Navlunlardaki gerilemenin ardından hat operatörlerinin yeniden “yavaş seyir” (slow steaming) uygulamasına geçtiğini belirten Kıran, bu stratejinin hem yakıt tasarrufu hem de karbon emisyonunu düşürmek açısından önemli olduğunu ifade etti. Ancak Avrupa Emisyon Ticareti Sistemi’nin (ETS) deniz taşımacılığına dahil edilmesiyle maliyetlerin artmaya devam ettiğini söyledi.

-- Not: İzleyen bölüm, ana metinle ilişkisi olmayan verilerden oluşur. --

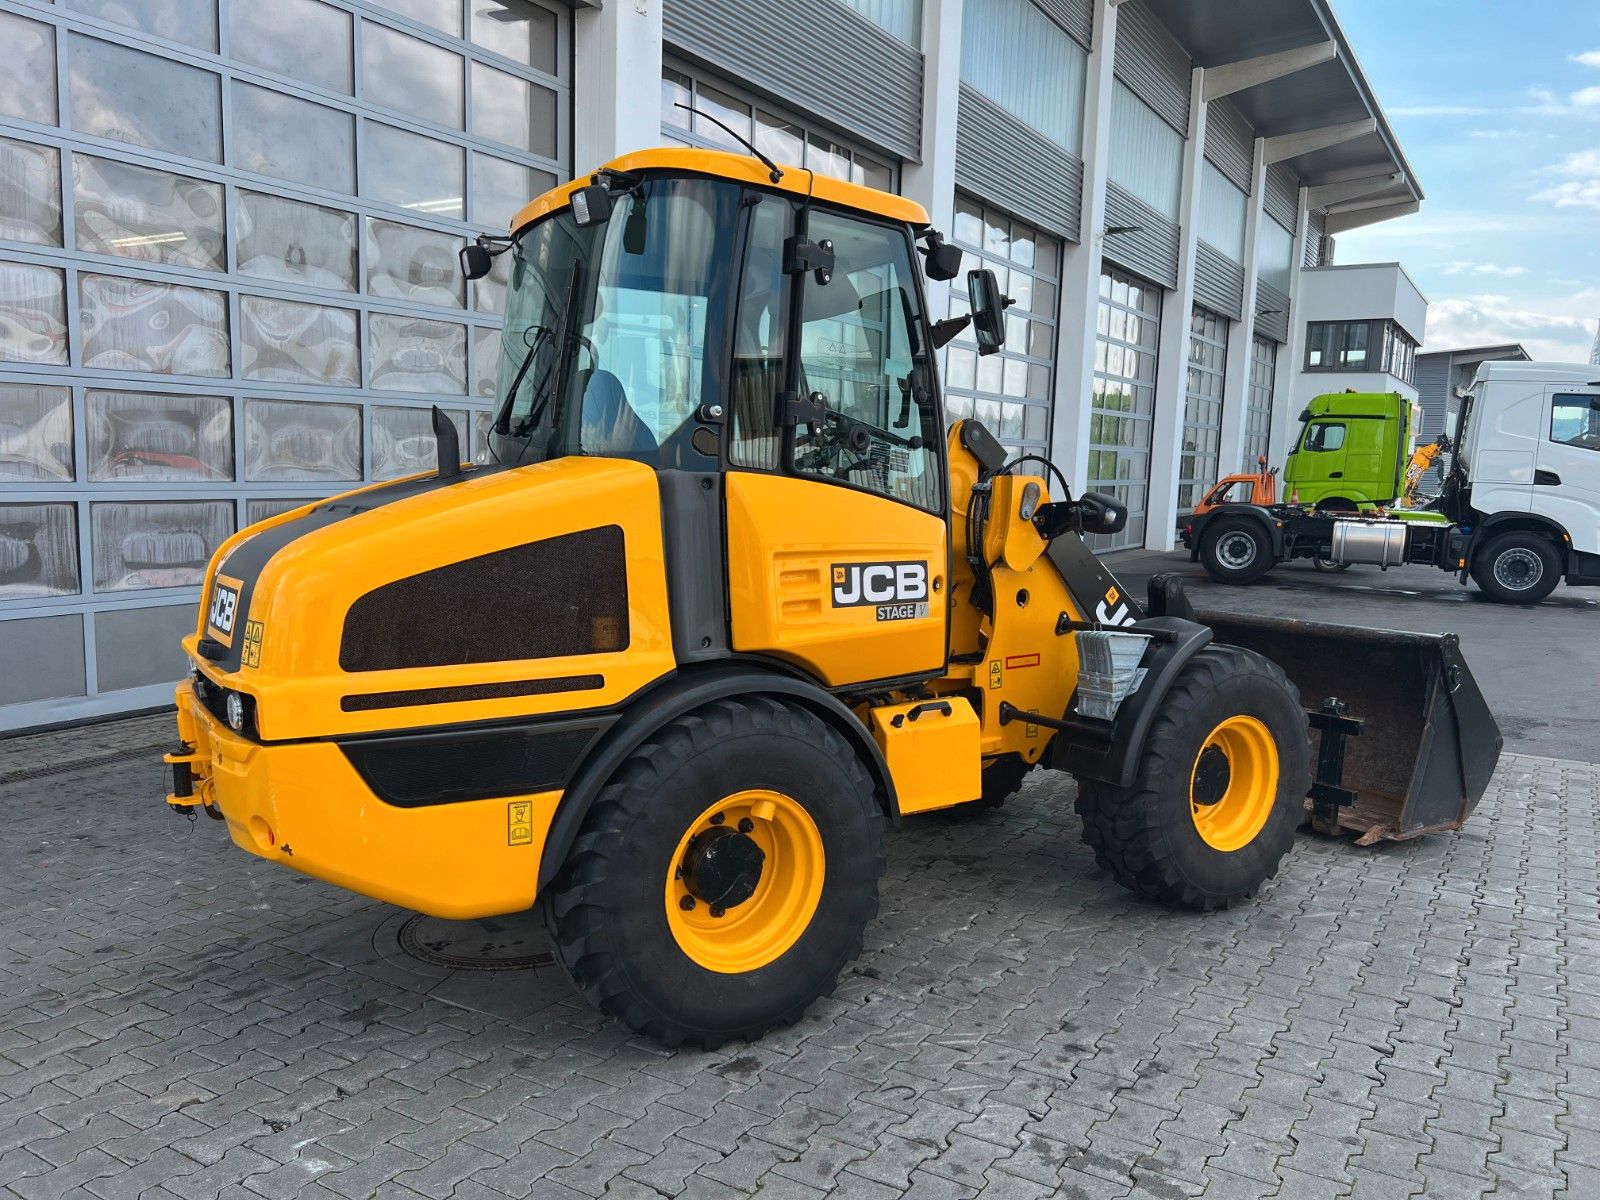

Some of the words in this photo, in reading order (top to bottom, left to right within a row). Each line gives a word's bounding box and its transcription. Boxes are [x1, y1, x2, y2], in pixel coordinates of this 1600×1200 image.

[834, 565, 926, 603] JCB
[211, 587, 236, 631] JCB
[877, 605, 914, 620] STAGE

Kıran, önümüzdeki dönemde navlunları üç temel unsurun belirleyeceğini belirtti:

  • Çin’in ticaret temposu ve ASEAN pazarındaki büyüme,
  • Avrupa ekonomisindeki düşük büyüme beklentileri,
  • Kızıldeniz hattında güvenlik ve rota değişimleri.

“Küresel ticaret 2025’te yüzde 2,4, 2026’da yüzde 0,5 büyüyecek. Bu tablo, navlunların inişli çıkışlı ama ılımlı bir bantta seyredeceğini gösteriyor.”